(TASK DESCRIPTION) What follows is a set of records. Copy them exactly and leave out the images.

(GIVEN RECORDS)

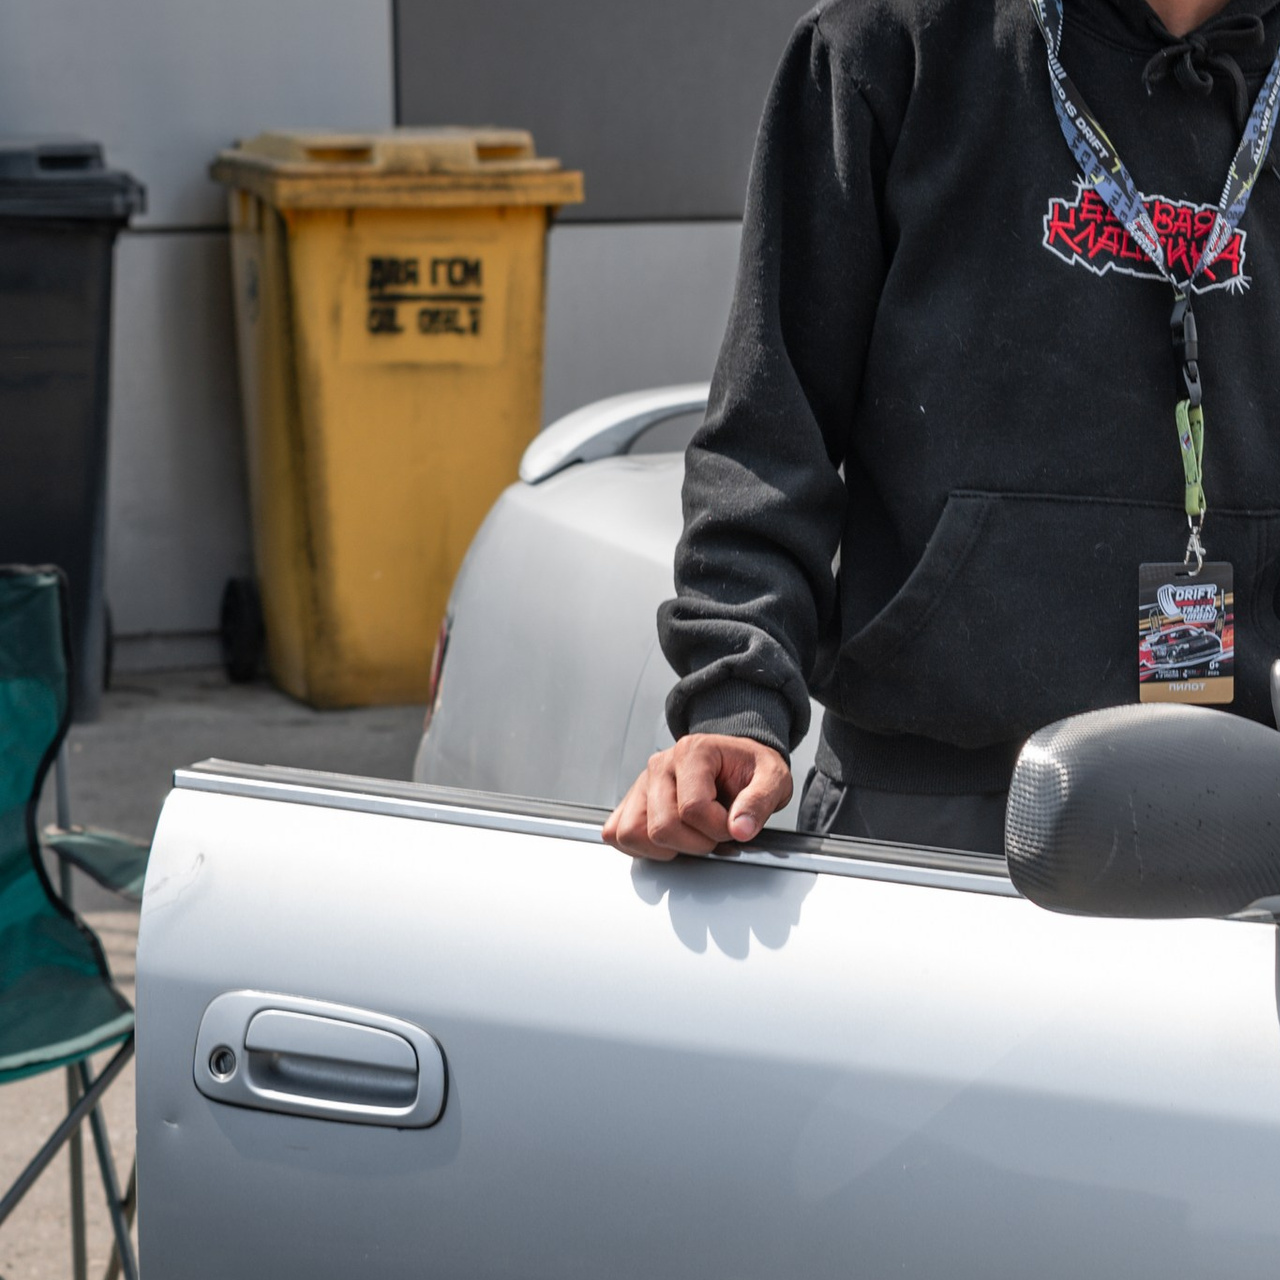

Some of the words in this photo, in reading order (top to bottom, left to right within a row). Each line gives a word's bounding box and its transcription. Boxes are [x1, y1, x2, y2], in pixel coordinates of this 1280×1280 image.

[1064, 100, 1078, 118] IS
[1075, 116, 1109, 159] DRIFT
[1260, 106, 1272, 132] WE
[1079, 189, 1217, 239] БВАЯ
[1049, 203, 1241, 282] КЛАСИКА
[1175, 586, 1214, 601] DRIFT
[1168, 682, 1206, 692] ПИЛОТ

(ANSWER BOX)
Some of the words in this photo, in reading order (top to bottom, left to right within a row). Each line gives a word's bounding box and its transcription. Boxes are [x1, y1, x2, y2], in pixel coordinates of this 1280×1280 image.

[1064, 100, 1078, 118] IS
[1075, 116, 1109, 159] DRIFT
[1260, 106, 1272, 132] WE
[1079, 189, 1217, 239] БВАЯ
[1049, 203, 1241, 282] КЛАСИКА
[1175, 586, 1214, 601] DRIFT
[1168, 682, 1206, 692] ПИЛОТ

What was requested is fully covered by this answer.